Describing his group, Tufts comments, "We're about $1.6 trillion in assets under supervision. We serve institutional clients and retail clients, but we're mostly an institutional shop.... Our job day in and day out, like everybody else in the room, is managing liquidity -- principal stability -- and delivering competitive returns for clients. It sounds simple, but everyone here knows it's anything but simple to make that happen day in and day out.... Even as we've become more digital as a business and more electronic, it's still a relationship business at the end of the day."

He continues, "The investment team is obviously front and center in the daily investment process, but, as everyone knows this is an operational, risk management-focused product. So when I talk about the team, I like to acknowledge that there is a lot more than just the investors and traders ... making this product happen every day. So it's a true team effort. The money fund platform specifically is about $1.3 trillion of the $1.6 trillion under supervision. It's mostly 30 or so commingled funds and vehicles across six currencies, 90% USD. US dollars still dominate ... the platform even, in spite of respectable growth in the non-USD currencies over the past couple of years."

Asked about technology and money moving, Tufts responds, "Everything is very available in terms of data points on the funds and performance. Everything has been digital for a while and is becoming more and more digital, which just removes friction in the way the cash can move around based on yield or other factors. And then I think after stress events like we saw with the regional bank crisis, I think users of money funds have ... re-evaluated what liquidity really means, what diversification means, and they've just become a lot more discerning in terms of how they think about their cash."

He states, "Obviously, yield is part of that.... Relative to bank deposits and direct market instruments, a phrase I've heard used internally is, 'cash is becoming less tolerant of complacency.' So I think that's a theme more than just chasing yield -- more active cash movement around the system and our industry is going to be with us for some time."

Tufts then comments, "With money funds, it's a game of inches in a lot of ways ... I think to the extent that you can use technology, whether it's AI or other tools to forecast liquidity more efficiently, get better execution in the market, identify issues faster, escalate them more quickly and efficiently, evaluate your counterparty usage in more real time. Those are all wins that help you deliver that extra inch or basis point over time."

He says, "We're using AI pretty extensively. I don't think AI is replacing portfolio managers and investors, but I think ... portfolio managers who use AI well will probably replace portfolio managers that don't use AI or don't use it well. So this is something that we need to integrate into our processes and into the way we manage funds.... It's really efficient, in terms of looking at ... issue escalation, catching anomalies in our trading activity or data or allocations, and doing day-to-day analysis on what's changed."

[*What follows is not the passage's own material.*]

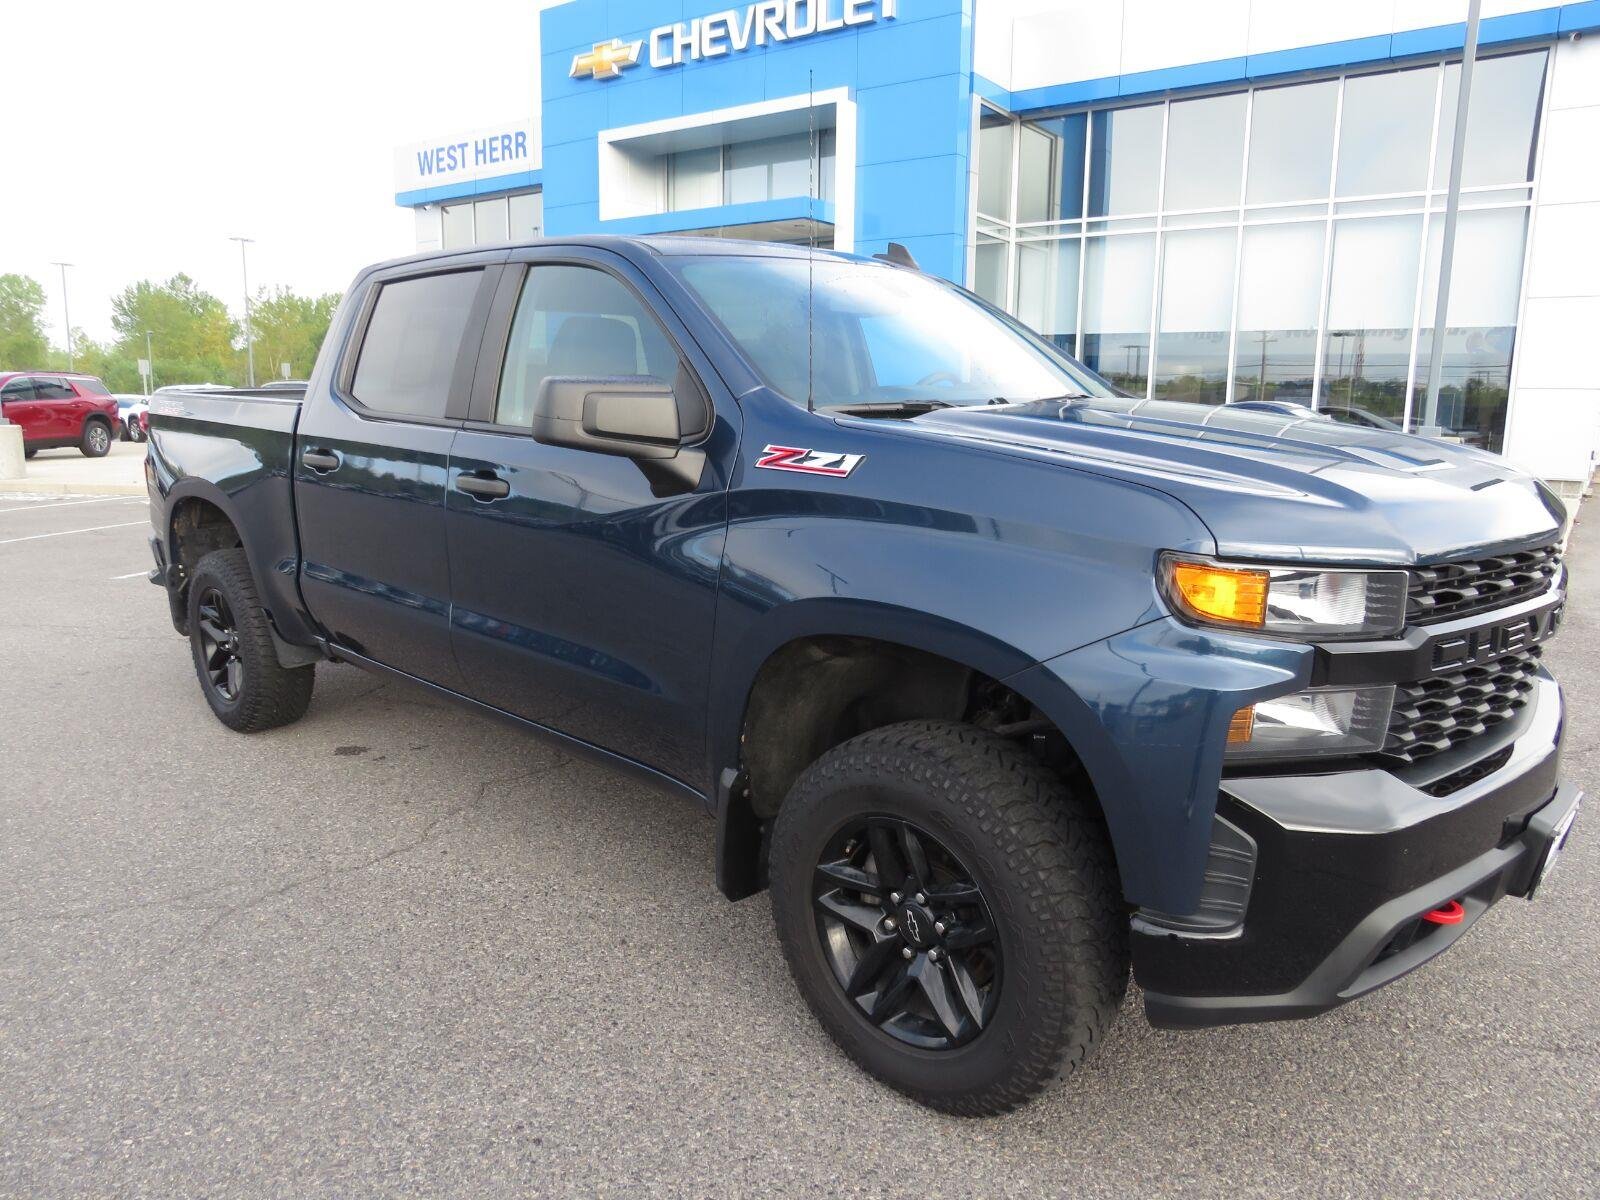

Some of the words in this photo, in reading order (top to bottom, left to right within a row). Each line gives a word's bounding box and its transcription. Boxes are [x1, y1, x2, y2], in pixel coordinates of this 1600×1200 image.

[417, 142, 469, 176] WEST
[475, 131, 527, 166] HERR
[754, 443, 866, 479] Z71

When asked about tokenization, Tufts responds, "It seems like this year at your Symposium, we're talking more about innovation and creative projects like tokenization and digital initiatives, and it's refreshing to be spending more time on that. Obviously, the last number of years, really, since the GFC, we've been occupied with significant regulatory change and reforms. A lot of that certainly was necessary, and I think it's made us a lot more resilient as an industry through crisis events. But it certainly is refreshing to be able to focus on the next leg of evolution of our product."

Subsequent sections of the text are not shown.